The glow on Oswald’s was amazing as we entered DCA during our last visit and it was one of those times when there wasn’t really time to stop and do much about it. I took this shot as we hustled further into Buena Vista Street. Hurried moments aren’t usually my preference but in this case it was a sweet fleeting moment to enjoy the ambiance and a welcome challenge to try and capture it quickly. What was so pressing? Coffee…
This door on Buena Vista Street is one of the simpler forms of theming, yet it instantly transports you to another era. I can only imagine what it must have been like to walk through doors like these, perhaps making a delivery for a project like Bambi or Pinnochio. The romanticist in me imagines creative pixie dust (you know, that stuff of dreams) bursting from within if the door were to open even a little.

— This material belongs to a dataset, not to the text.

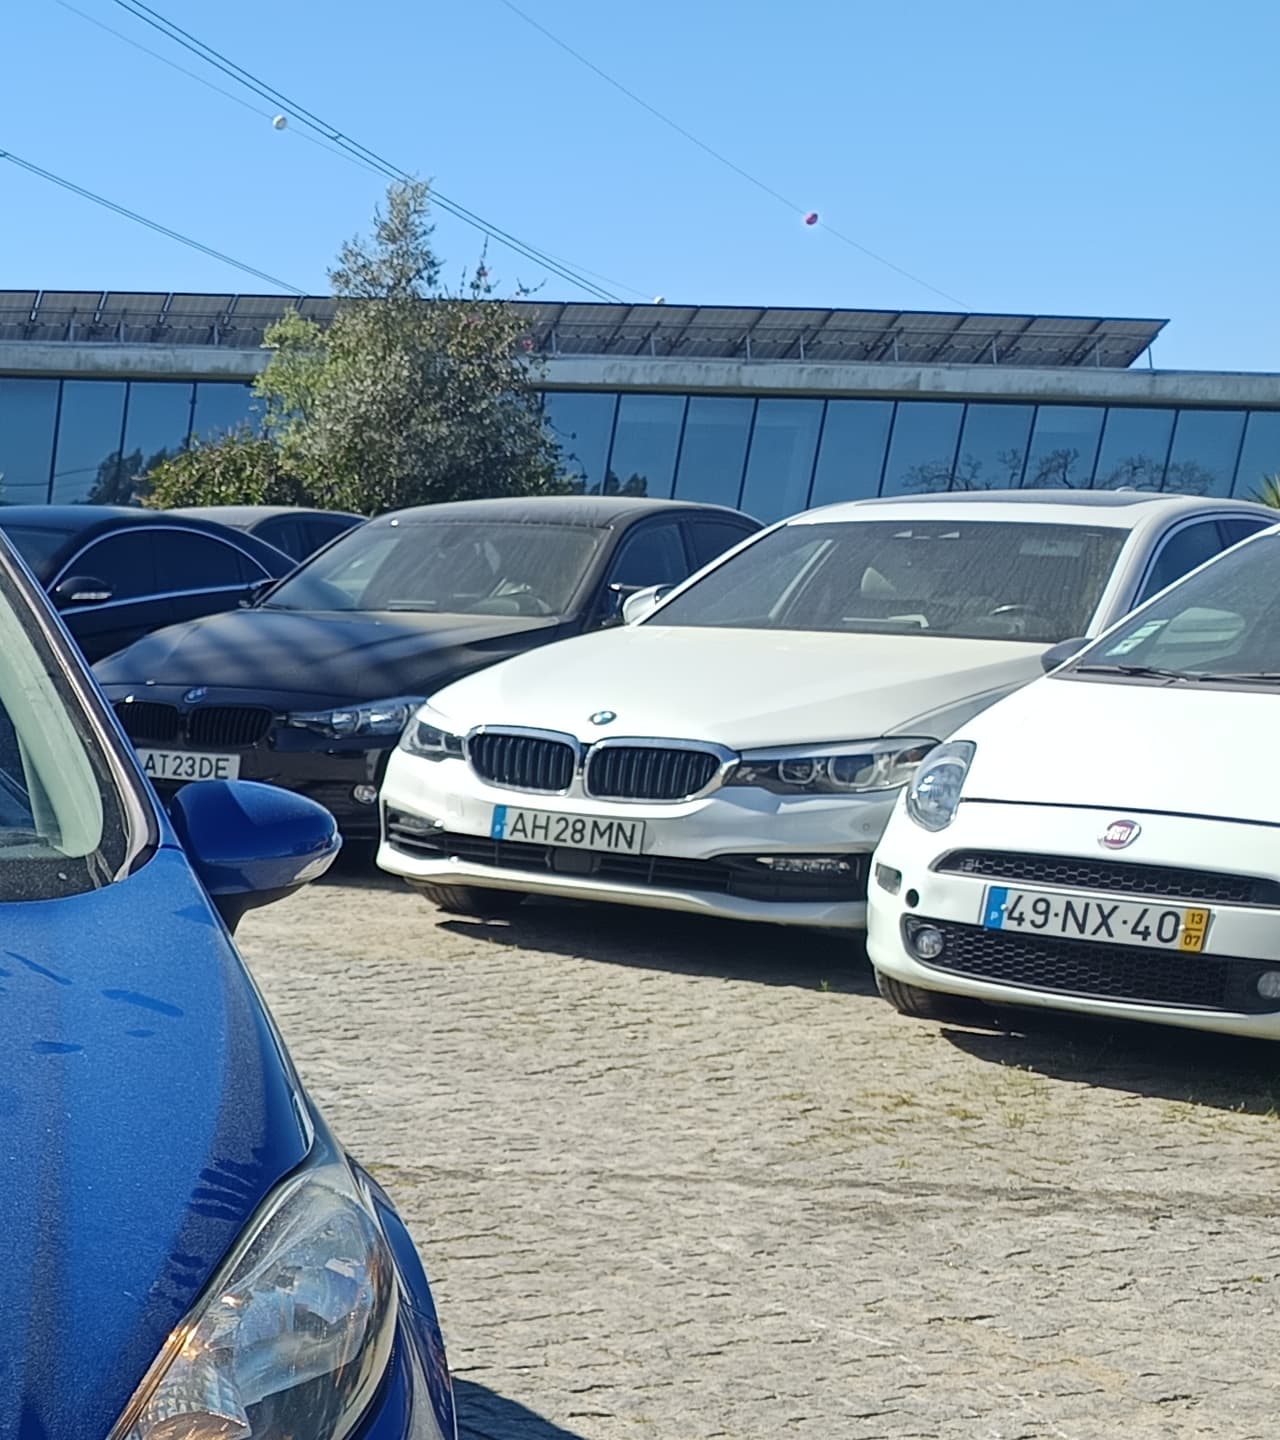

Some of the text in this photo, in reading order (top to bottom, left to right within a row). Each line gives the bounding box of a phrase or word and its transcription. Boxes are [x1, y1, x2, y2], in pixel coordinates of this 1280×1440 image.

The Elias & Co. department store is truly phenomenal. The theming is so smooth that you hardly notice what’s going on; it just feels right. On a late evening at DCA I spotted what I considered a sort of visual echo of the store’s name and that’s what I tried to capture with this image. The three Elias & Company signs lined up at varying distances. I love details like that.
Now that the 1920s have taken over DCA, it seems only fitting to have the Red Car Trolley escorting passengers from Buena Vista Street to Hollywood Land. It was during the 1920s in Los Angeles that the Red Cars reached their peak in popularity. Unfortunately the need for such transportation quickly died off as the demand for automobiles increased. Now, with the many freeways and traffic to accompany it, railways are making a comeback. I can’t help but feel a sense of irony and urge to consider how commonplace this is in everyday life. Perhaps we’re better suited taking a moment to value something before rushing off to replace it.
Every story begins with a dream. Walt Disney set out to realize his with a big break in Tinseltown. It was not without hardship or heartache, but Walt was not the kind for quitting. If he had a vision for something, he would dog it ’til it was done. His story backs up a motto he seemed to live by, “All our dreams can come true if we have the courage to pursue them.” Courage was not something Walt ever appeared to lack and I imagine it’s because he had the understanding that if you don’t take big risks, you’ll never know what you’re capable of, or maybe even what you’re meant for. Risk stares us in the face with “what ifs?” but it also frees us from “what could have been?”. For me Walt’s story is a reminder that no matter how you’re feeling, if you keep on fighting, believing and risking, you can have your very own story worth telling.
Disney California Adventure has come a long way since its remodel and improvements began. With a few weeks under its belt, DCA 2.0 is only getting better and I can’t seem to get enough of it. The thing that stands out to me most is the obvious and strong connection to Walt Disney that the park was practically void of. You can barely even get into DCA before you notice it. The park feels free and happy with an air of opportunity and possibility. California Adventure is telling an audacious new story, one that’s fitting of the Disney name.